ASSIGNMENT =
Leave out the pictures and repeat everything else in the records exactly.

INFORMATION SUPPLIED =
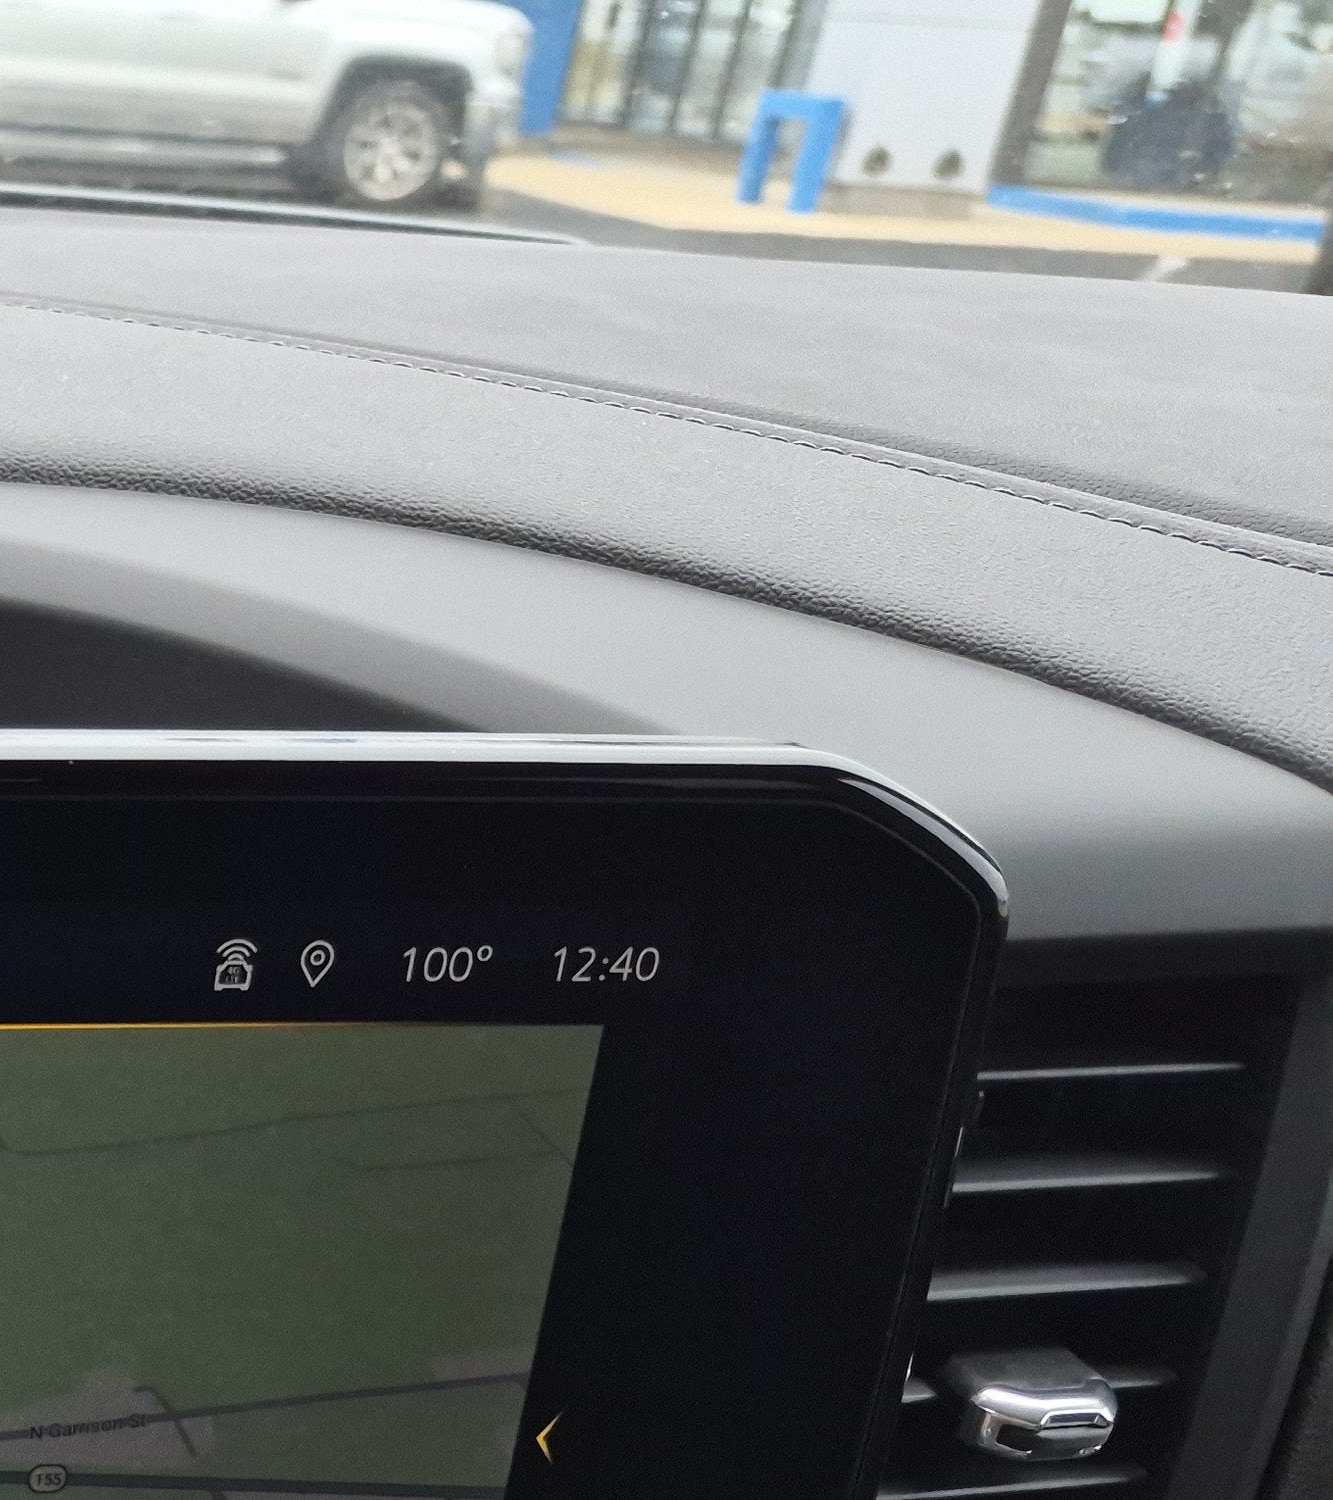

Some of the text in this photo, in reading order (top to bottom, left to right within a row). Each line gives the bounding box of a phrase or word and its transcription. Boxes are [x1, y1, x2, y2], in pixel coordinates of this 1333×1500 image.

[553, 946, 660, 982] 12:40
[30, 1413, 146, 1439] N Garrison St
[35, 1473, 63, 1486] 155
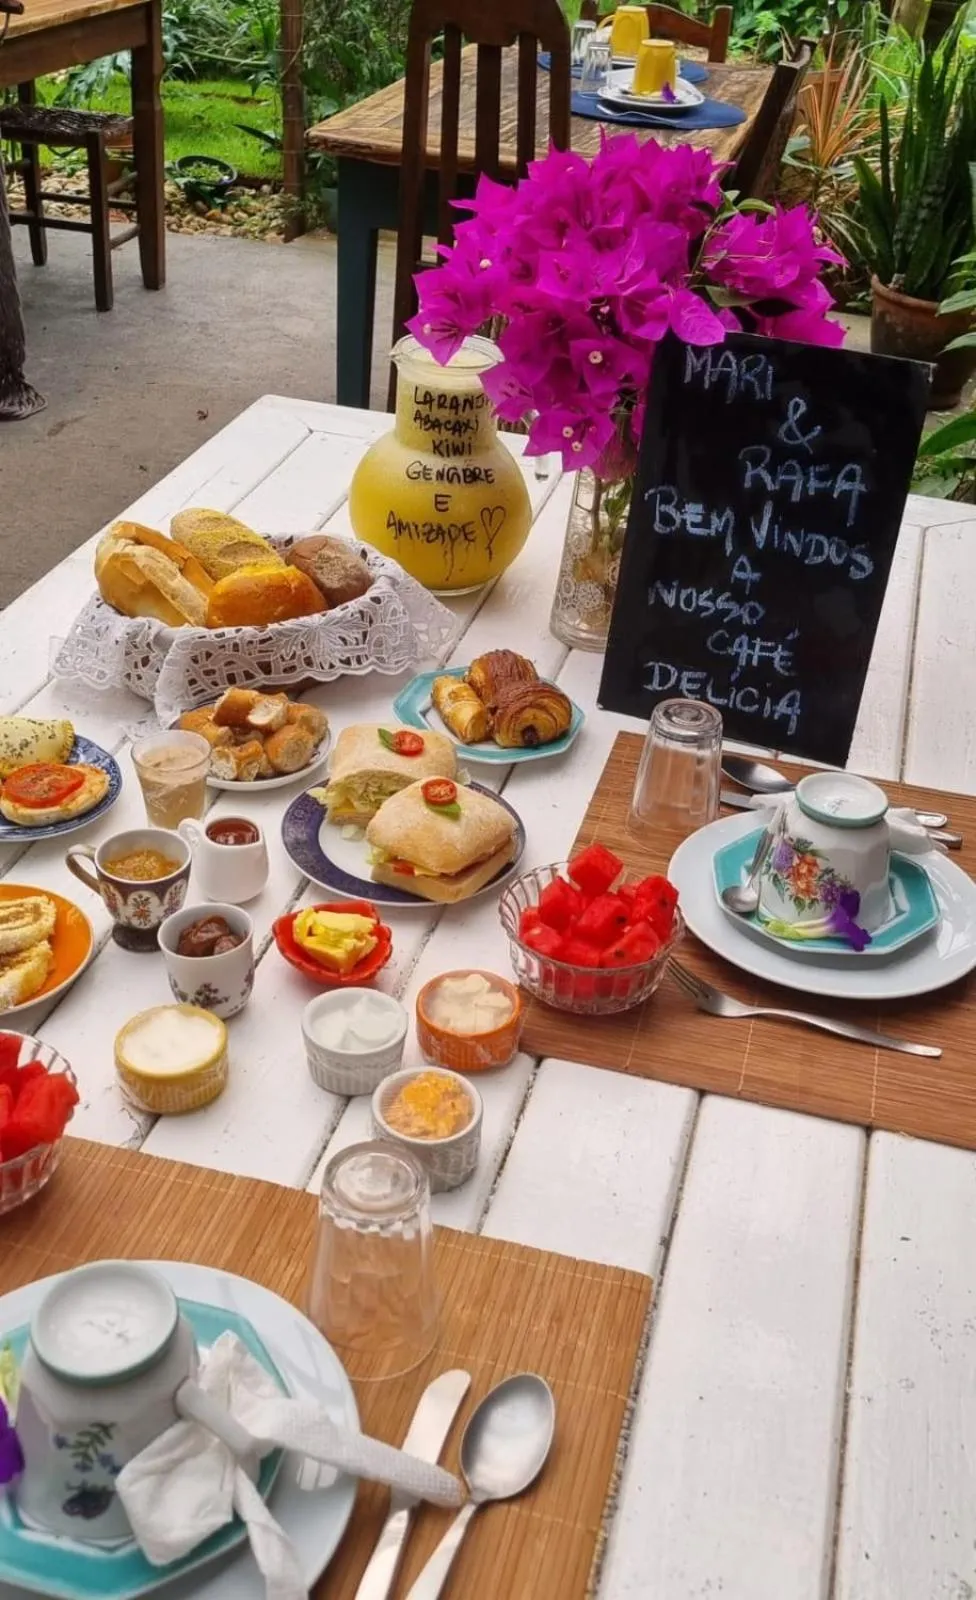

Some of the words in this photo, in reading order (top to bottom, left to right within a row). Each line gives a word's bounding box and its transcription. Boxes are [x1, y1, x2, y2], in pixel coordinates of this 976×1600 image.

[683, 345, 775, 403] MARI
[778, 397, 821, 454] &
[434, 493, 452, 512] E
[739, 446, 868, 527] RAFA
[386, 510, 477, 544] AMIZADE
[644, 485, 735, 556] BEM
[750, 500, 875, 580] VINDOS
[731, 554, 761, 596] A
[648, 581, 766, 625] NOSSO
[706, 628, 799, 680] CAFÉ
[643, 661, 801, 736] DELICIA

SOLUTION TO THE EXERCISE =
Some of the text in this photo, in reading order (top to bottom, left to right within a row). Each line gives the bounding box of a phrase or word and its transcription. Boxes are [x1, y1, x2, y2], in pixel coordinates of this 1333×1500 image.

[553, 946, 660, 982] 12:40
[30, 1413, 146, 1439] N Garrison St
[35, 1473, 63, 1486] 155

Some of the words in this photo, in reading order (top to bottom, left to right within a row). Each line gives a word's bounding box and its transcription. Boxes are [x1, y1, x2, y2], in pixel coordinates of this 976×1600 image.

[683, 345, 775, 403] MARI
[778, 397, 821, 454] &
[434, 493, 452, 512] E
[739, 446, 868, 527] RAFA
[386, 510, 477, 544] AMIZADE
[644, 485, 735, 556] BEM
[750, 500, 875, 580] VINDOS
[731, 554, 761, 596] A
[648, 581, 766, 625] NOSSO
[706, 628, 799, 680] CAFÉ
[643, 661, 801, 736] DELICIA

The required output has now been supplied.